企業に届く郵便物をデータ化し、どこからでも管理できるサービス「atena(アテナ)」を提供するatena(アテナ、東京・中央)が、急拡大の兆しを見せる。2022年12月14日、日本郵政グループと資本提携を発表。郵便事業のDX(デジタルトランスフォーメーション)化を目指すベンチャー企業と郵便インフラが手を組むことで、郵便DXがさらに加速する可能性を秘める。

郵便物をデータ化するサービス「atena(アテナ)」が、郵便のDX化を加速する(写真/Shutterstock)
あの重要な書類はどこへいったんだ――。そんな悩みをなくす、郵便物をデータ化するサービス「atena(アテナ)」が急拡大の兆しを見せる(画像/Shutterstock)

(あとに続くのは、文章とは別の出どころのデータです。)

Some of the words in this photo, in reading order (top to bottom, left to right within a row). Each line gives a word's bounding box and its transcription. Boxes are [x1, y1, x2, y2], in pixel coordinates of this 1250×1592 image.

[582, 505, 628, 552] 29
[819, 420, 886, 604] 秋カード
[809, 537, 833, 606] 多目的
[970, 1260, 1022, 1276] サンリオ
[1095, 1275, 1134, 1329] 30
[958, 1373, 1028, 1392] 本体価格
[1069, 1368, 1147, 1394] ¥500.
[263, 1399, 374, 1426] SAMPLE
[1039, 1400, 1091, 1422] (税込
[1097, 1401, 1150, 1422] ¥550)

 郵便物を確認するためだけに出社する――。そんな働き方の撲滅を目指すのが、企業に届く郵便物をデータ化して管理できるサービス「atena」だ。主に企業向けのサービスで、郵便事業のDX化を推進するatena(東京・中央)が2020年5月にリリースした。

 当時は新型コロナウイルス感染症が拡大し、多くの企業がテレワークに移行し始めたタイミング。郵便物をスキャンしてどこからでも確認できる利便性に企業から注目が集まり、郵便物の取扱数は毎年倍増。22年12月中旬にも累計18万通を突破する見込みだ。

■atena(アテナ)
Atenaのサービス画面。郵便物の一覧が表示される
社員一人ひとりに与えられる「郵便ボックス」のメニューは、メールのようなUI(ユーザーインターフェース)。郵便物ごとに表示が分かれ、送り主、宛先などが一目で確認できる

 atenaを真っ先に導入したのはZOZOグループだった。以降、導入企業は増え続け、22年11月末時点で約190社。内訳は、6割がスタートアップ、エンタープライズ企業と国内外の上場企業がそれぞれ1割と続く。23年度に500社、25年度に1000社への導入をもくろむ。

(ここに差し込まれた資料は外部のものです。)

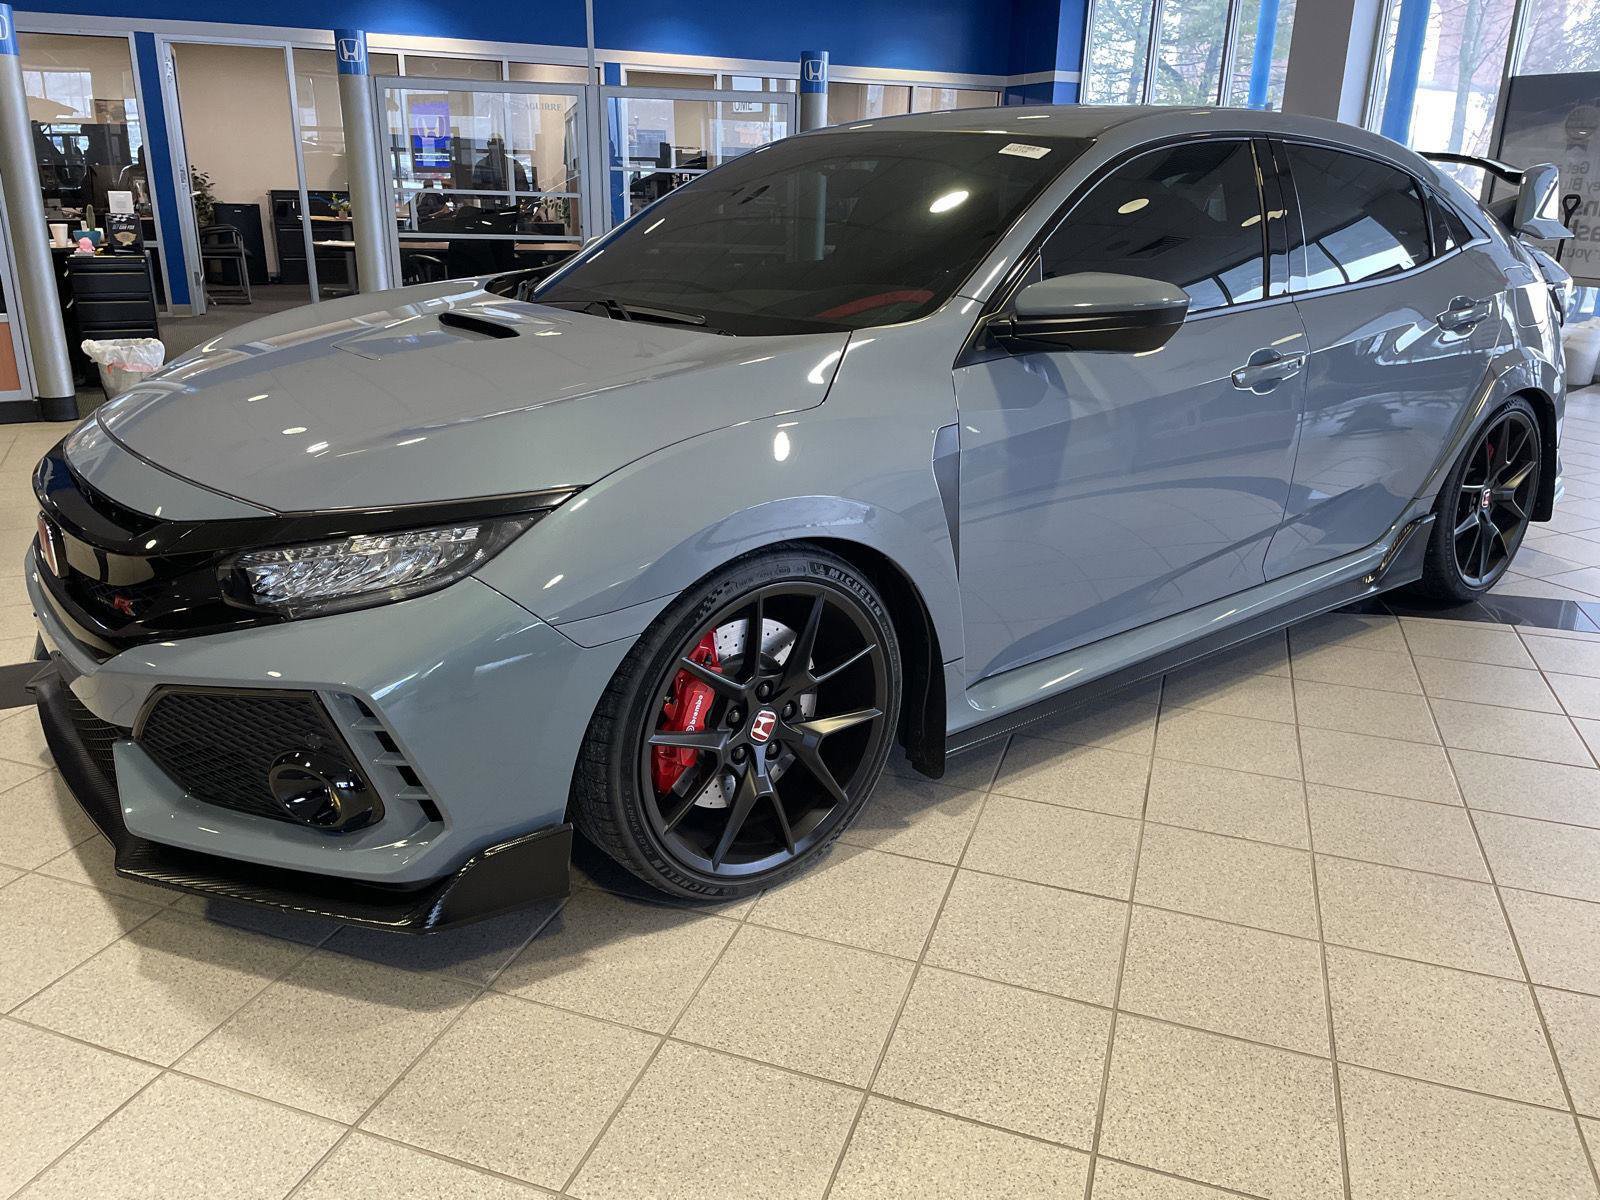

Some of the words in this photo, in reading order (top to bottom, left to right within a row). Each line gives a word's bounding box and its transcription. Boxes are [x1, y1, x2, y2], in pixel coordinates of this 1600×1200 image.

[829, 568, 882, 616] MICHELIN
[690, 694, 704, 725] brembo
[651, 859, 720, 896] MICHELIN

 「契約書の電子化には課題感があるのに、郵便物の電子化は重要視されてこなかった。受け取った書類が見当たらない、未開封の書類が意見の食い違いを生む、といったビジネスシーンの無駄を減らし、郵便物をデータ化して管理することを1つのスタンダードにしたい」とatena CEO(最高経営責任者)の白髭直樹氏は語る。

社名:atena(アテナ、東京・中央)
設立:2020年5月
製品/サービス:郵便物をデータ化し、管理できるサービス「atena(アテナ)」
市場:郵便のDX化
カテゴリー『SDGs・ESG』

日本郵政と提携。ノウハウ×インフラで郵便DXが急加速

 atenaはさらなるサービス拡大を狙い、22年12月14日、日本郵政の子会社である日本郵政キャピタルと資本提携を行うことを発表した。日本郵政グループは21年7月、郵便事業のDXを推進する子会社「JPデジタル」を設立したものの、思うような成果が出ていない。郵便事業のDXノウハウを持つatenaと、国内の郵便インフラを持つ日本郵政グループが協力することで、郵便DXを一気に加速させる狙いがある。